During his first week, Mr Davie gave an address to BBC staff. For fieldsports enthusiasts, the key part was: “If you want to be an opinionated columnist or a partisan campaigner on social media then that is a valid choice, but you should not be working at the BBC.”
These words are reminiscent of those written by Tim Bonner, chief executive of the Countryside Alliance, when he made a complaint about Chris Packham’s campaigning five years ago: “There is no issue with people voicing such opinions, but using the position granted by a public service broadcaster to promote an extreme agenda is a different thing entirely.”
Indeed it is, and finally we have a BBC director-general who appears to agree. Five years ago, the BBC’s complaints system let Mr Packham off the hook, hiding behind the risible excuse that he was a freelancer, rather than an actual BBC employee. In other words, the private business of a well-known BBC presenter somehow absolved him from being bound by the Beeb’s impartiality rules.
How many of us would have heard of Chris Packham if he wasn’t on the BBC? The publicly funded corporation made him into a public figure; it cannot simply look away if he oversteps the mark. We can only hope that Mr Davie will get a grip on Mr Packham’s social media campaigning. If he doesn’t, his fine-sounding words on impartiality will be proved to be just that.

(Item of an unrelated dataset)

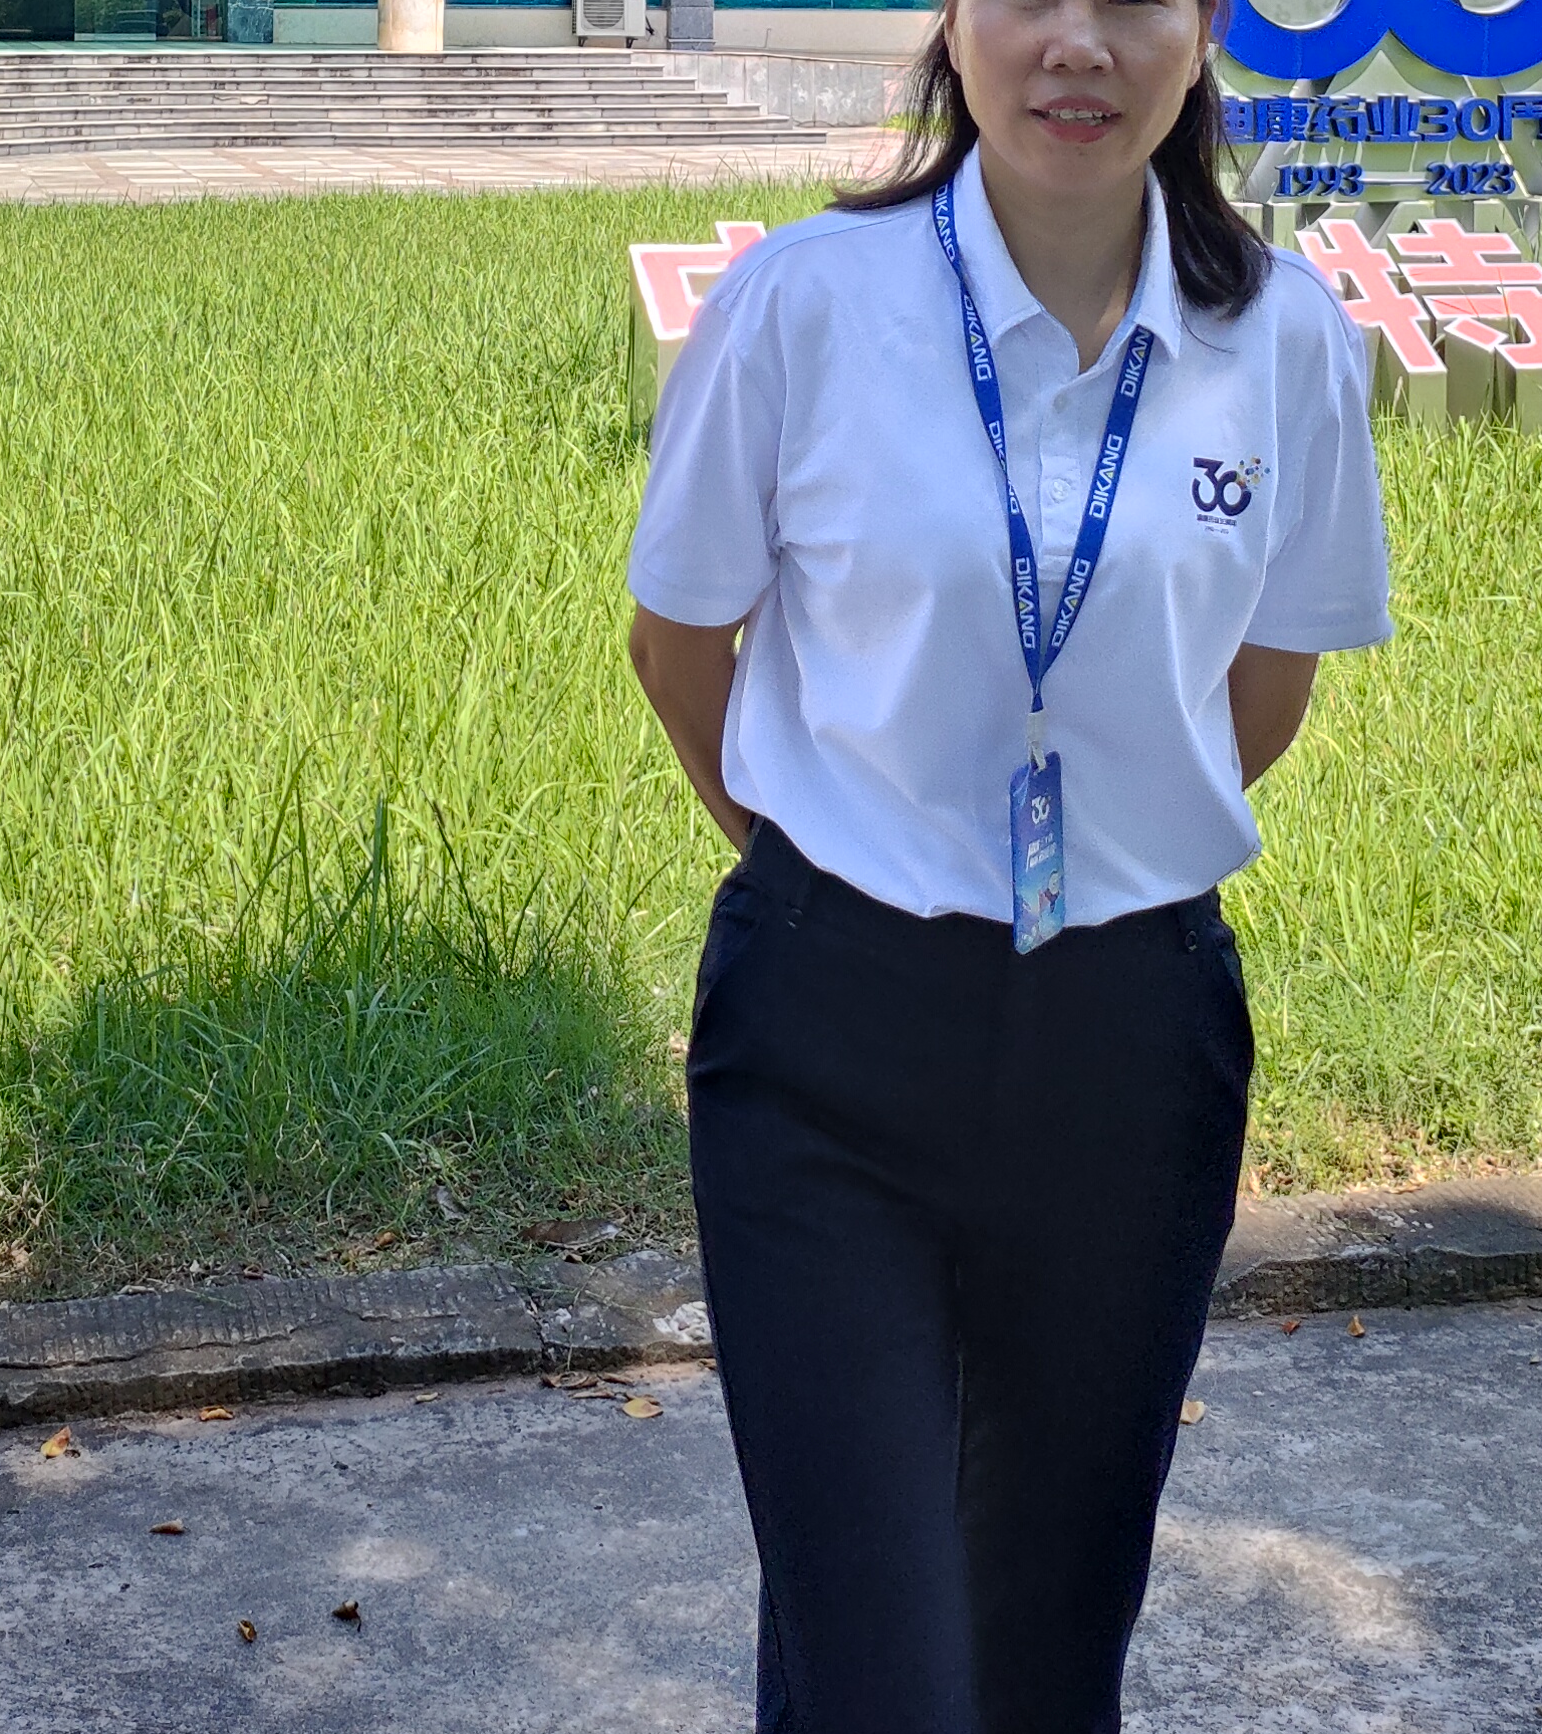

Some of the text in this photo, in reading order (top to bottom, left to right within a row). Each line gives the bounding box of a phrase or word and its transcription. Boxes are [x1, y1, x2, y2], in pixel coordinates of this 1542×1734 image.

[1120, 326, 1152, 398] DIKAN
[1088, 432, 1124, 520] DIKANG
[1015, 556, 1037, 650] DIKANG

The BBC knows that it is drinking in the last-chance saloon. Rumblings from within Government indicate that not paying the TV licence may soon be decriminalised, instead treated as a civil matter like other debts. One study has estimated that the absence of the threat of criminal sanctions could cost the BBC about £1bn over five years.

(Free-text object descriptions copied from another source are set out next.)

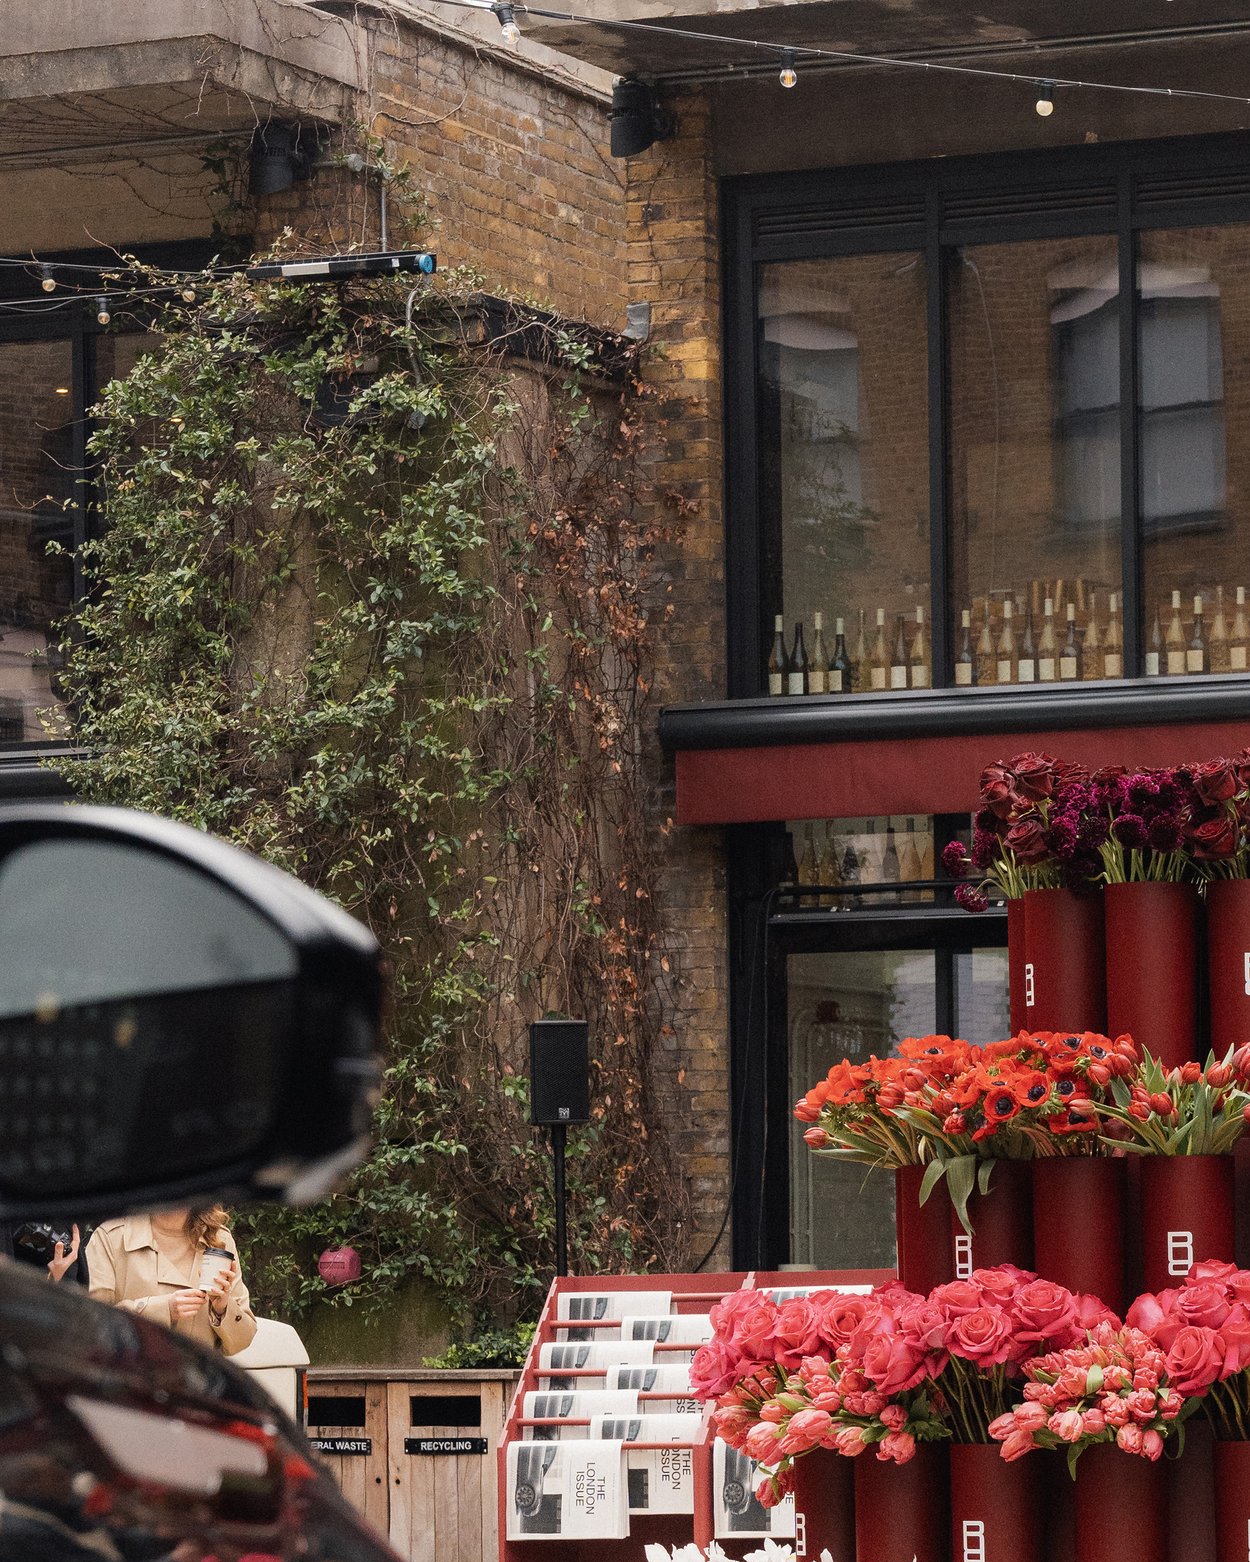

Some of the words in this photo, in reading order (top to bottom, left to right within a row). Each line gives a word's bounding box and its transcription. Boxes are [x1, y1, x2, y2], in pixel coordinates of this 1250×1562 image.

[311, 1441, 334, 1450] ERAL
[335, 1441, 367, 1451] WASTE
[420, 1441, 472, 1451] RECYCLING
[660, 1448, 670, 1481] SSUE
[682, 1451, 691, 1475] THE
[575, 1471, 585, 1506] ISSUE
[586, 1462, 595, 1515] LONDON
[597, 1476, 606, 1500] THE

The licence fee is £157.50. About 25million UK households buy licences, generating £3.69bn a year for the BBC. In 2018 more than 121,000 people were convicted of evading payment; 72% of them were women — who are more likely to be at home when an inspector calls. Licence fee cases account for 30% of all prosecutions against women, more than any other offence.
It is early days yet for Mr Davie. Another key appointment — a new chairman — is due in February. The existence of the licence fee is guaranteed by charter until 2027, but the level at which it is set is up for negotiation. The current arrangement runs out in 2022. Let’s see what happens.